While in Paris one day, we were booked in for a tour of Notre Dame. Our coach let us off at about 11:30 in the morning. We stood in front of it admiring the scenery while our teacher went to find the tour guide that was meant to be taking us around that day. Sat on a tiny folding stool with nothing else but an easel and some watercolours was an artist who was just beginning to paint their scene. I stood back and watched as they got out their fattest brush and began flooding the top half of the paper very lightly in blue and the bottom half in a very light reddish brown. Ten more minutes passed the breeze had blown the majority of the paper dry so they then added in the general shape of Notre Dame. That was all I could watch because the tour of the outside of the cathedral was starting.
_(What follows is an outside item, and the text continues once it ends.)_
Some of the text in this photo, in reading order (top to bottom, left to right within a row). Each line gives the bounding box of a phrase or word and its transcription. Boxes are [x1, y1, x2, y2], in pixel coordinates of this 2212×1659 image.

About thirty minutes later we made our way back around to the front again. The artist had added details the building, trees gently appeared, buildings in the surrounding area had been roughly painted. It was starting to look like the scene in front of me. We were given thirty minutes to have our lunch before we were to reassemble and have a tour of the inside. I went off in search of bread and cheese, the only two things I ate the entire time I was in France aside from crepes and coffee ice cream.
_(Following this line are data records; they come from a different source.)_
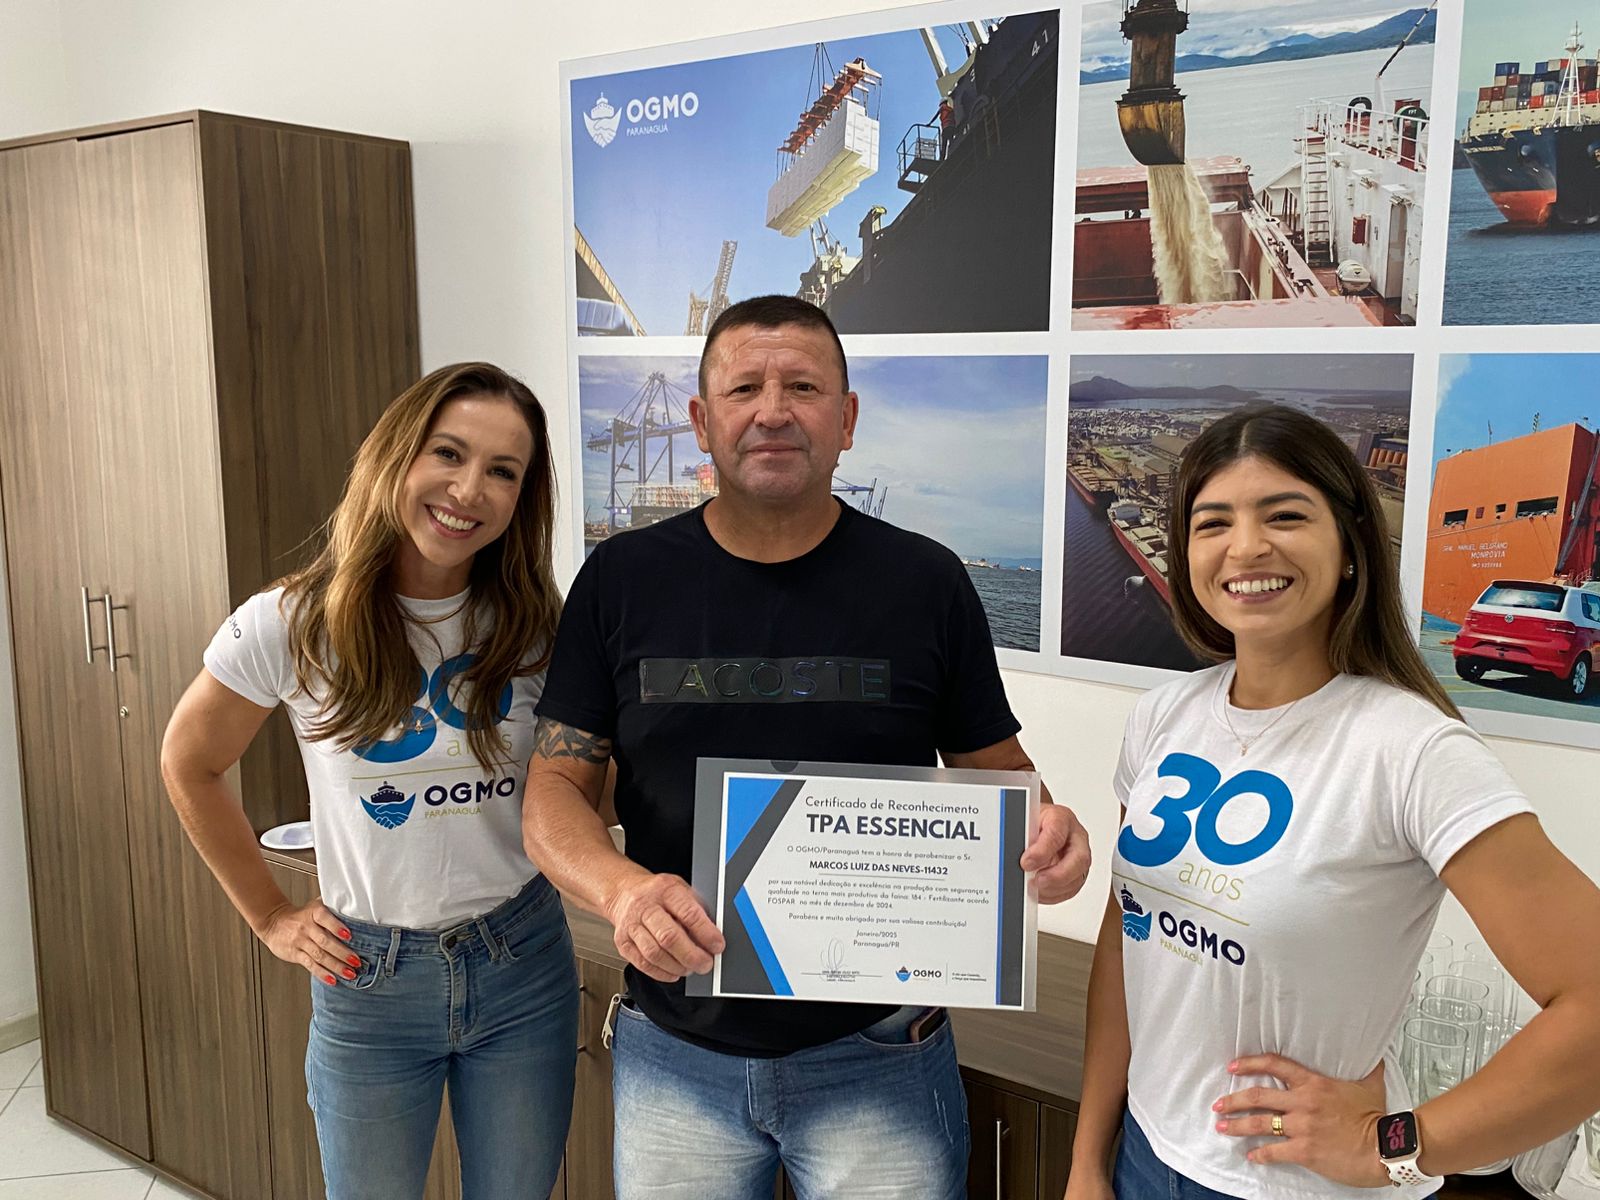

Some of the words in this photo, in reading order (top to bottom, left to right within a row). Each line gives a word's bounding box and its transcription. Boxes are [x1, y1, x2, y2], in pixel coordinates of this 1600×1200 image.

[626, 92, 699, 123] OGMO
[641, 661, 887, 698] LACOSTE
[424, 776, 516, 806] OGMO
[805, 795, 867, 809] Certificado
[870, 797, 885, 810] de
[888, 799, 979, 815] Reconhecimento
[1117, 752, 1294, 867] 30
[806, 813, 851, 834] TPA
[857, 815, 981, 841] ESSENCIAL
[809, 860, 849, 870] MARCOS
[850, 862, 870, 871] LUIZ
[872, 863, 890, 872] DAS
[892, 864, 949, 875] NEVES-11432
[882, 849, 902, 857] honra
[903, 850, 913, 858] de
[1178, 862, 1245, 901] anos
[767, 897, 796, 905] FOSPAR
[833, 900, 865, 908] dezembro
[788, 912, 818, 920] Parabéns
[1158, 911, 1246, 966] OGMO
[913, 969, 942, 978] OGMO
With a full belly, I returned to the artist. His painting had nearly been completed. There were people mulling around in the area and he had roughly captured some of them. The trees were more detailed and the stain glass window had its colour added to it. Unfortunately, our indoor tour last nearly an hour and by the time we returned to the street the artist was gone so I did not get to see the finished work.

Writers are artists. Our work can be built in layers too. The painter had captured Notre Dame by layering in the visual scenes slowly until the picture was a good representation of what was going on around the cathedral that day. Writers do it with words.

Blogging has help to evolve my writing and the way I write over the past year. I have learned much from the community we have here. I started out as a total pantser, writing only from the heart, to becoming a plotter. This is still evolving but each time it does I become happier with my writing results.

My first layer of a novel is the bones of the story, it starts with the idea and builds out to become the who and the where kind of stuff. It takes the form of loose chapter outlines with some scene planning. I put dabbles of research or links to research in and it sounds more like a work of non fiction when I read it. For me this layer of novel writing is averaging between 5k to 10k words in whole. Much of which becomes eaten up in the next layer of writing itself. It is drab and boring but is the central layer in which the entire rest of the novel will expand from.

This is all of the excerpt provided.